(Exercise prompt) What is needed is an exact copy of the records, with the images left out.
(Beginning of Provided records)
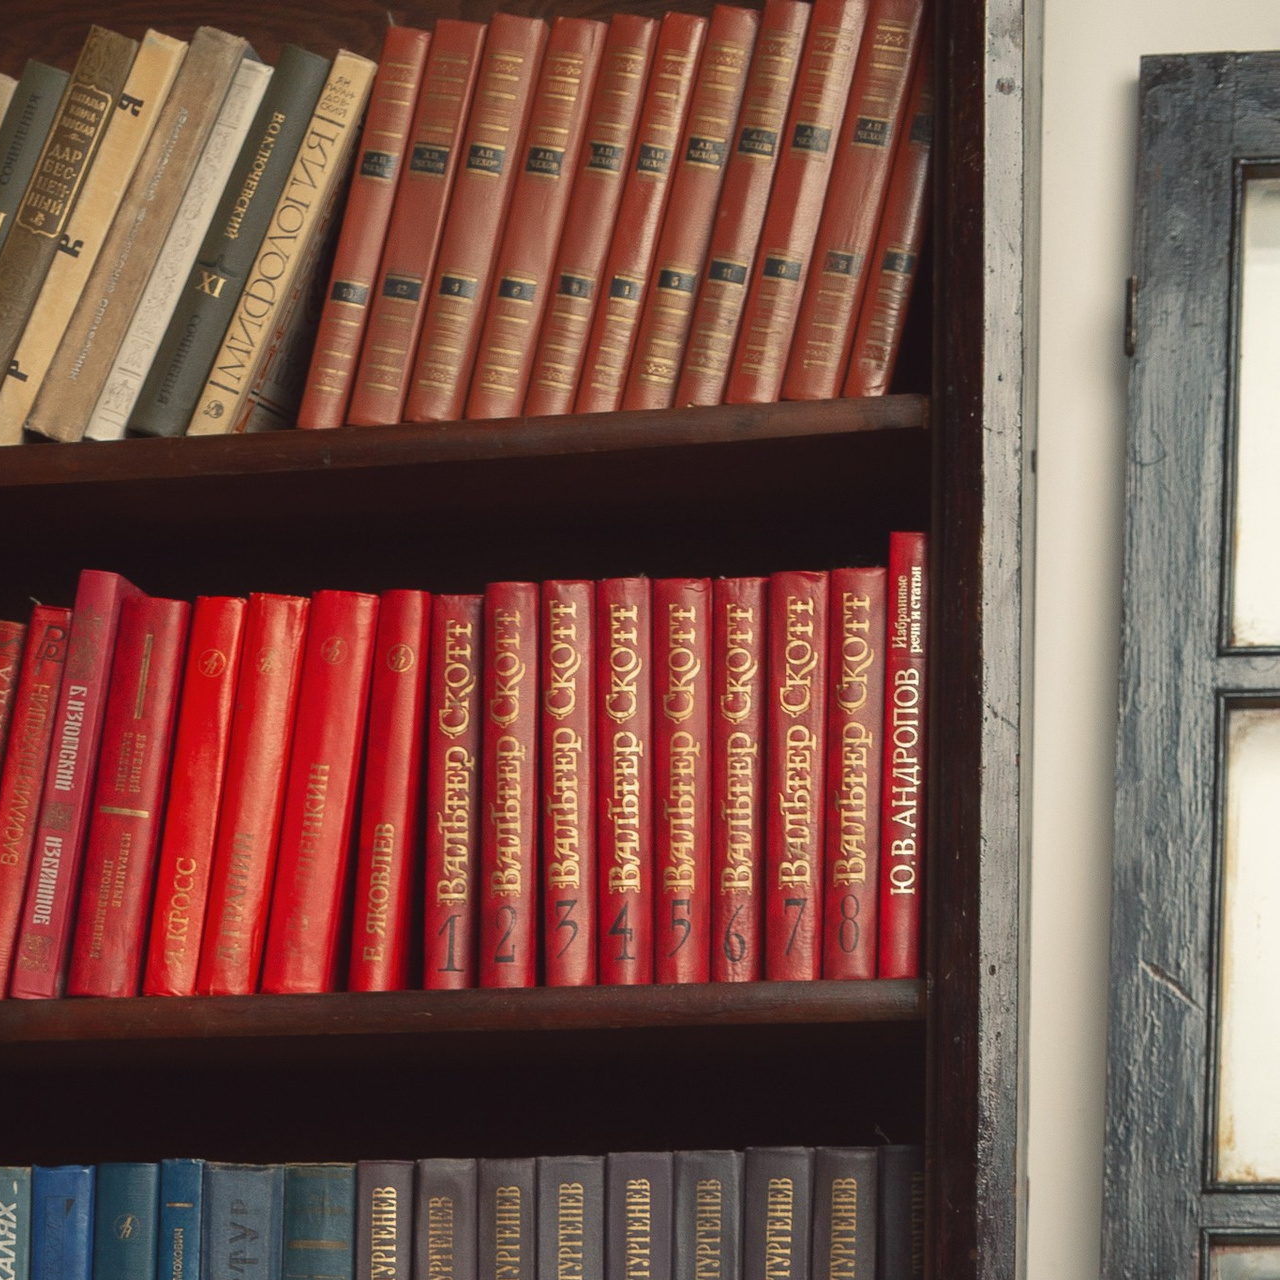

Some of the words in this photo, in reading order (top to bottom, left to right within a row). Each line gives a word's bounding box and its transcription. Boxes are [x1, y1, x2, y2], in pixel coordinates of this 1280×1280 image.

[42, 159, 77, 181] БЕС-
[48, 143, 83, 164] ДАР
[27, 192, 64, 216] НЫЙ
[197, 270, 228, 299] IX
[217, 126, 341, 385] МИФОЛОГИЯ
[892, 574, 909, 650] Избранные
[911, 565, 923, 609] статьи
[910, 622, 924, 654] речи
[891, 667, 923, 829] АНДРОПОВ
[891, 833, 916, 860] В.
[166, 855, 198, 943] КРОСС
[365, 822, 395, 936] ЯКОВЛЕВ
[890, 864, 916, 896] Ю.
[437, 913, 466, 973] 1
[493, 904, 518, 964] 2
[554, 899, 579, 960] 3
[607, 901, 637, 962] 4
[667, 898, 692, 959] 5
[723, 904, 747, 964] 6
[783, 898, 808, 957] 7
[837, 894, 861, 954] 8
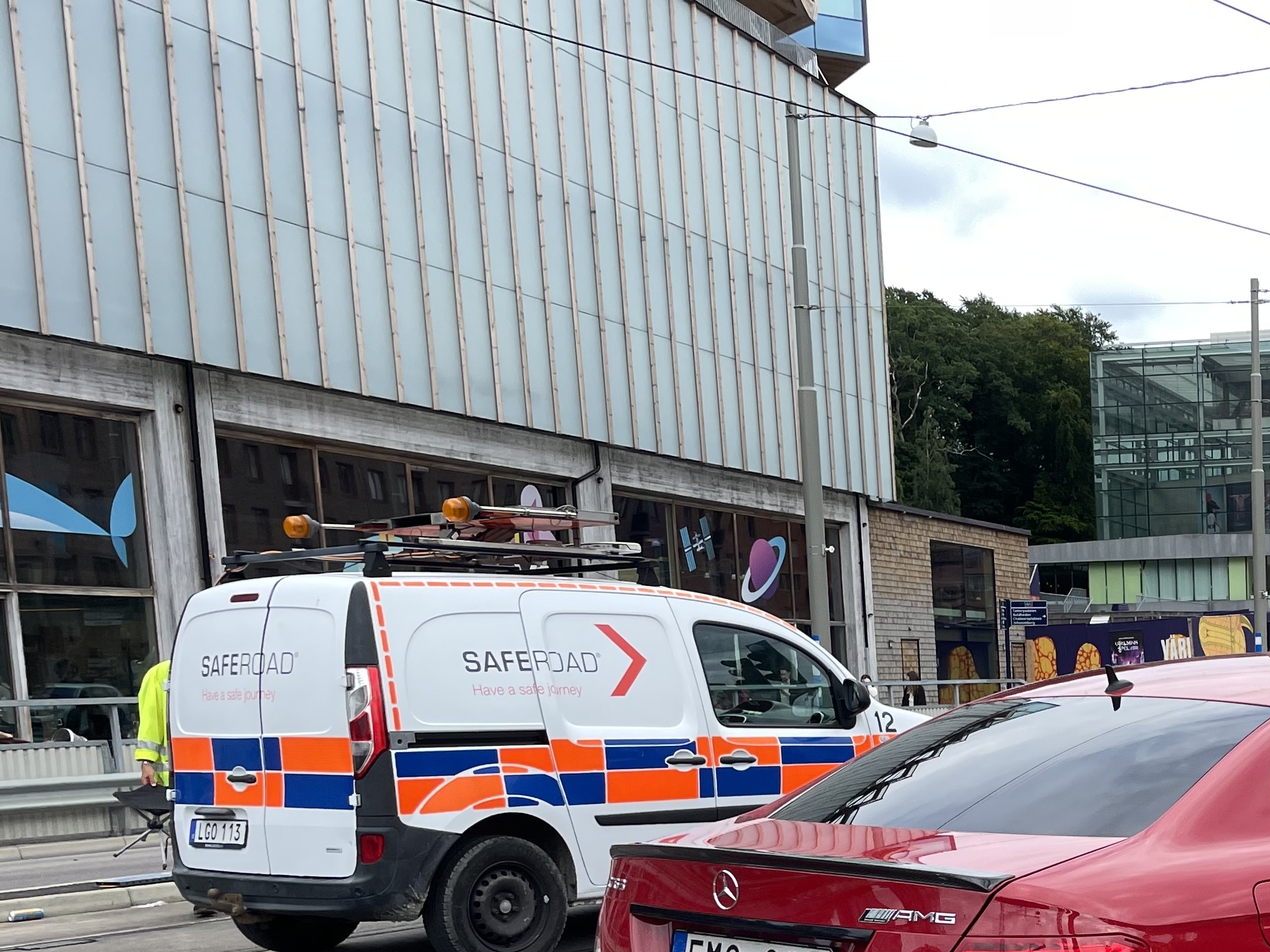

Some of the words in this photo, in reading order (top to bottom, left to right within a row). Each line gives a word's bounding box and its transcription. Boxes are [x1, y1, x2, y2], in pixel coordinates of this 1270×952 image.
(End of Provided records)
(Answer box)
Some of the words in this photo, in reading order (top to bottom, left to right within a row). Each line gives a word's bounding box and its transcription. Boxes are [x1, y1, x2, y2], in pixel coordinates of this 1280×1280 image.

[42, 159, 77, 181] БЕС-
[48, 143, 83, 164] ДАР
[27, 192, 64, 216] НЫЙ
[197, 270, 228, 299] IX
[217, 126, 341, 385] МИФОЛОГИЯ
[892, 574, 909, 650] Избранные
[911, 565, 923, 609] статьи
[910, 622, 924, 654] речи
[891, 667, 923, 829] АНДРОПОВ
[891, 833, 916, 860] В.
[166, 855, 198, 943] КРОСС
[365, 822, 395, 936] ЯКОВЛЕВ
[890, 864, 916, 896] Ю.
[437, 913, 466, 973] 1
[493, 904, 518, 964] 2
[554, 899, 579, 960] 3
[607, 901, 637, 962] 4
[667, 898, 692, 959] 5
[723, 904, 747, 964] 6
[783, 898, 808, 957] 7
[837, 894, 861, 954] 8

Some of the words in this photo, in reading order (top to bottom, left to right within a row). Each line gives a word's bounding box and its transcription. Boxes are [x1, y1, x2, y2], in pixel coordinates of this 1270×952 image.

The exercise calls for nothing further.